Your goal:
Please copy the records below word for word, leaving out the pictures.

(Data for review Opens)

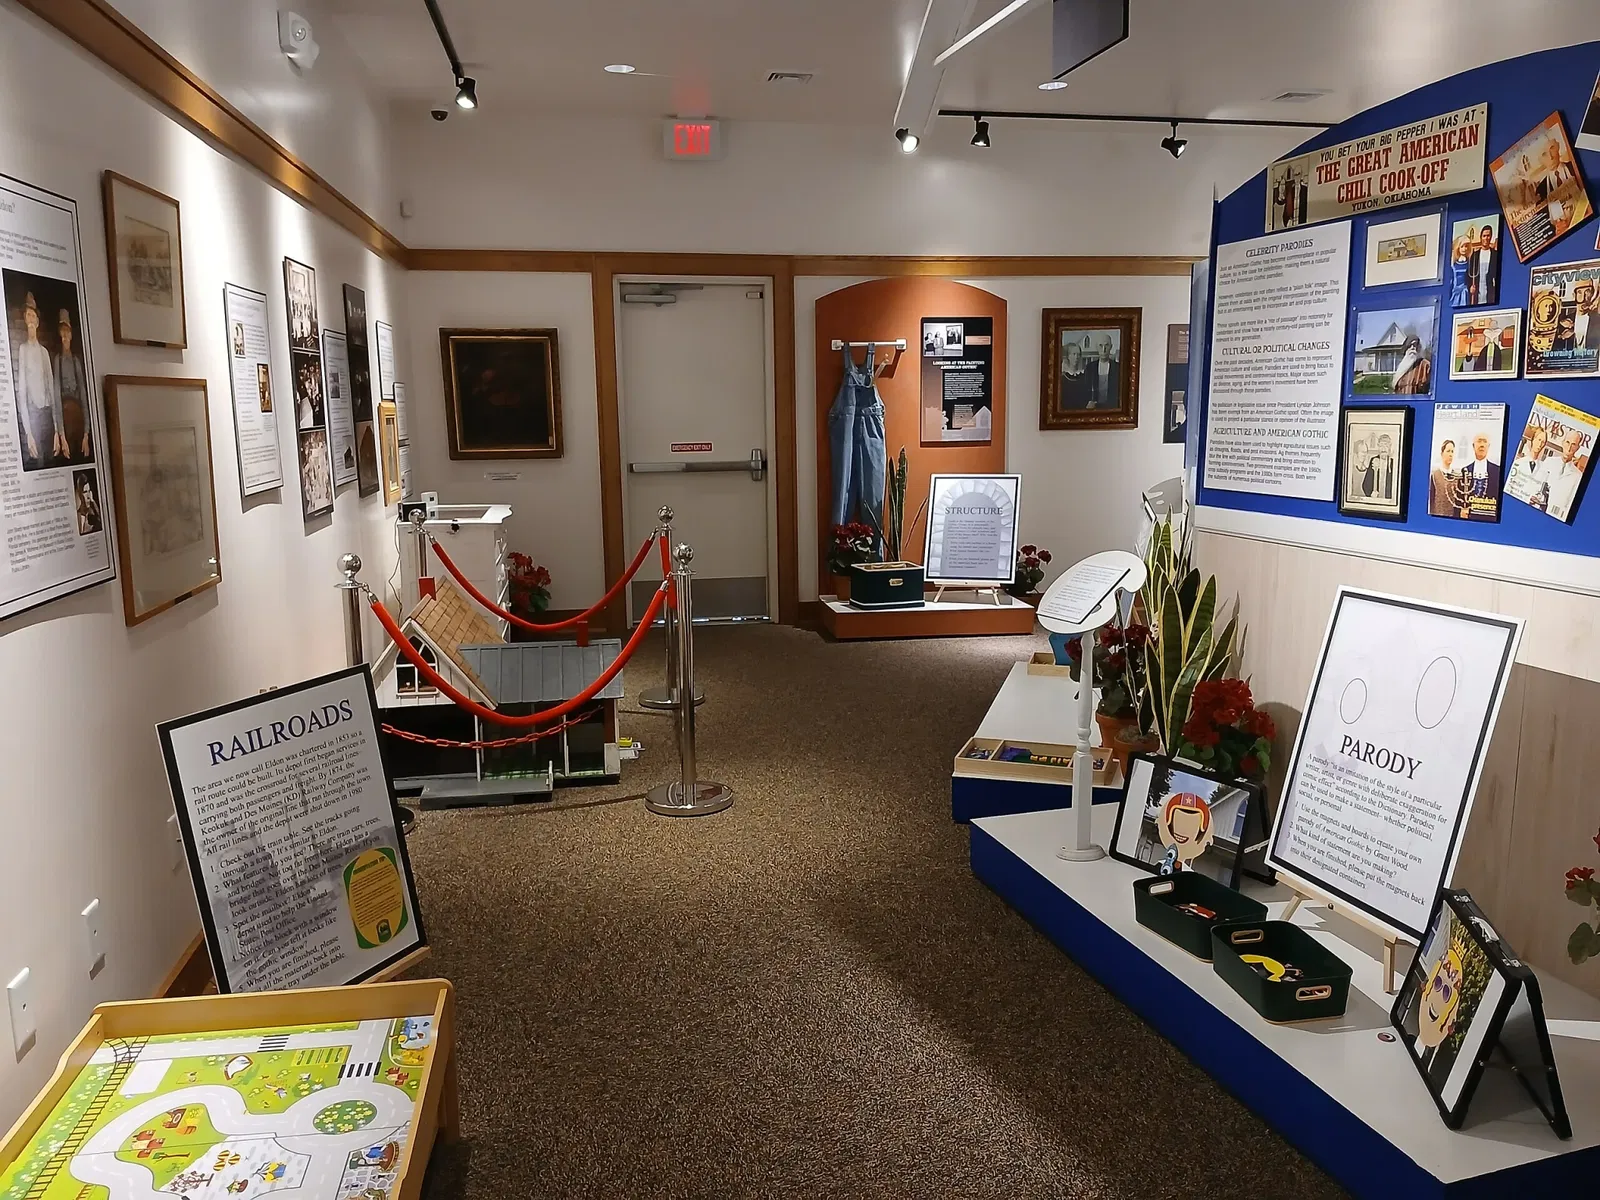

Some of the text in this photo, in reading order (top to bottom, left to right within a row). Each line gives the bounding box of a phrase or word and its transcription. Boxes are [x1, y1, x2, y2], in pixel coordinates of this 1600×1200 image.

[674, 123, 711, 154] EXIT
[1316, 161, 1340, 184] THE
[1348, 148, 1392, 176] GREAT
[1400, 124, 1480, 164] AMERICAN
[1320, 109, 1476, 162] YOU BET YOUR BIG PEPPER I WAS AT
[1338, 158, 1450, 204] CHILI COOK-OFF
[1384, 186, 1432, 204] OKLAHOMA
[1246, 238, 1314, 258] CELEBRITY PARODIES
[1222, 341, 1330, 356] CULTURAL OR POLITICAL CHANGES
[1213, 428, 1329, 439] AGRICULTURE AND AMERICAN GOTHIC
[945, 506, 1003, 515] STRUCTURE
[208, 699, 353, 766] RAILROADS
[1339, 734, 1422, 780] PARODY
[191, 784, 206, 794] The
[207, 779, 222, 789] area
[223, 775, 234, 783] we
[235, 769, 249, 779] now
[251, 762, 263, 773] call
[264, 757, 284, 768] Eldon
[285, 753, 297, 761] was
[298, 740, 327, 756] chartered
[335, 733, 349, 743] 1853
[194, 793, 206, 805] rail
[207, 788, 226, 800] route
[226, 779, 246, 793] could
[246, 777, 256, 785] be
[284, 760, 302, 772] depot
[303, 755, 316, 765] first
[316, 749, 335, 760] began
[196, 801, 214, 814] 1870
[215, 796, 229, 808] and
[229, 792, 244, 802] was
[244, 787, 256, 797] the
[256, 774, 287, 792] crossroad
[287, 772, 298, 780] for
[298, 762, 320, 777] several
[321, 754, 344, 768] railroad
[1311, 756, 1329, 768] parody
[1369, 776, 1376, 784] of
[1376, 779, 1385, 788] the
[1386, 784, 1400, 794] style
[1400, 789, 1408, 797] of
[1412, 795, 1441, 810] particular
[198, 809, 229, 825] carrying
[228, 801, 245, 813] both
[245, 789, 281, 809] passengers
[281, 782, 293, 793] and
[317, 771, 328, 779] By
[345, 760, 354, 769] the
[200, 817, 229, 835] Keokuk
[229, 812, 243, 824] and
[243, 808, 257, 818] Des
[257, 799, 283, 813] Moines
[299, 782, 327, 796] Railway
[327, 771, 355, 786] Company
[356, 766, 367, 774] was
[1309, 781, 1316, 790] be
[1316, 787, 1328, 796] used
[1328, 790, 1334, 798] to
[1334, 795, 1349, 804] make
[1383, 814, 1406, 829] whether
[1405, 825, 1432, 843] political,
[219, 853, 242, 868] Check
[243, 848, 254, 858] out
[255, 844, 266, 853] the
[266, 838, 282, 848] train
[301, 825, 313, 834] See
[314, 819, 324, 829] the
[324, 812, 342, 824] tracks
[343, 805, 360, 818] going
[1294, 823, 1397, 879] What kind of statement are you making?
[1292, 833, 1306, 846] When
[1306, 843, 1316, 851] you
[1347, 862, 1365, 876] please
[1365, 872, 1375, 880] put
[1375, 875, 1385, 885] the
[1385, 882, 1410, 898] magnets
[1410, 891, 1425, 905] back
[246, 973, 266, 988] When
[267, 966, 280, 979] you
[281, 960, 292, 970] are
[319, 935, 338, 951] please

(Data for review Closes)

Task answer:
Some of the text in this photo, in reading order (top to bottom, left to right within a row). Each line gives the bounding box of a phrase or word and its transcription. Boxes are [x1, y1, x2, y2], in pixel coordinates of this 1600×1200 image.

[674, 123, 711, 154] EXIT
[1316, 161, 1340, 184] THE
[1348, 148, 1392, 176] GREAT
[1400, 124, 1480, 164] AMERICAN
[1320, 109, 1476, 162] YOU BET YOUR BIG PEPPER I WAS AT
[1338, 158, 1450, 204] CHILI COOK-OFF
[1384, 186, 1432, 204] OKLAHOMA
[1246, 238, 1314, 258] CELEBRITY PARODIES
[1222, 341, 1330, 356] CULTURAL OR POLITICAL CHANGES
[1213, 428, 1329, 439] AGRICULTURE AND AMERICAN GOTHIC
[945, 506, 1003, 515] STRUCTURE
[208, 699, 353, 766] RAILROADS
[1339, 734, 1422, 780] PARODY
[191, 784, 206, 794] The
[207, 779, 222, 789] area
[223, 775, 234, 783] we
[235, 769, 249, 779] now
[251, 762, 263, 773] call
[264, 757, 284, 768] Eldon
[285, 753, 297, 761] was
[298, 740, 327, 756] chartered
[335, 733, 349, 743] 1853
[194, 793, 206, 805] rail
[207, 788, 226, 800] route
[226, 779, 246, 793] could
[246, 777, 256, 785] be
[284, 760, 302, 772] depot
[303, 755, 316, 765] first
[316, 749, 335, 760] began
[196, 801, 214, 814] 1870
[215, 796, 229, 808] and
[229, 792, 244, 802] was
[244, 787, 256, 797] the
[256, 774, 287, 792] crossroad
[287, 772, 298, 780] for
[298, 762, 320, 777] several
[321, 754, 344, 768] railroad
[1311, 756, 1329, 768] parody
[1369, 776, 1376, 784] of
[1376, 779, 1385, 788] the
[1386, 784, 1400, 794] style
[1400, 789, 1408, 797] of
[1412, 795, 1441, 810] particular
[198, 809, 229, 825] carrying
[228, 801, 245, 813] both
[245, 789, 281, 809] passengers
[281, 782, 293, 793] and
[317, 771, 328, 779] By
[345, 760, 354, 769] the
[200, 817, 229, 835] Keokuk
[229, 812, 243, 824] and
[243, 808, 257, 818] Des
[257, 799, 283, 813] Moines
[299, 782, 327, 796] Railway
[327, 771, 355, 786] Company
[356, 766, 367, 774] was
[1309, 781, 1316, 790] be
[1316, 787, 1328, 796] used
[1328, 790, 1334, 798] to
[1334, 795, 1349, 804] make
[1383, 814, 1406, 829] whether
[1405, 825, 1432, 843] political,
[219, 853, 242, 868] Check
[243, 848, 254, 858] out
[255, 844, 266, 853] the
[266, 838, 282, 848] train
[301, 825, 313, 834] See
[314, 819, 324, 829] the
[324, 812, 342, 824] tracks
[343, 805, 360, 818] going
[1294, 823, 1397, 879] What kind of statement are you making?
[1292, 833, 1306, 846] When
[1306, 843, 1316, 851] you
[1347, 862, 1365, 876] please
[1365, 872, 1375, 880] put
[1375, 875, 1385, 885] the
[1385, 882, 1410, 898] magnets
[1410, 891, 1425, 905] back
[246, 973, 266, 988] When
[267, 966, 280, 979] you
[281, 960, 292, 970] are
[319, 935, 338, 951] please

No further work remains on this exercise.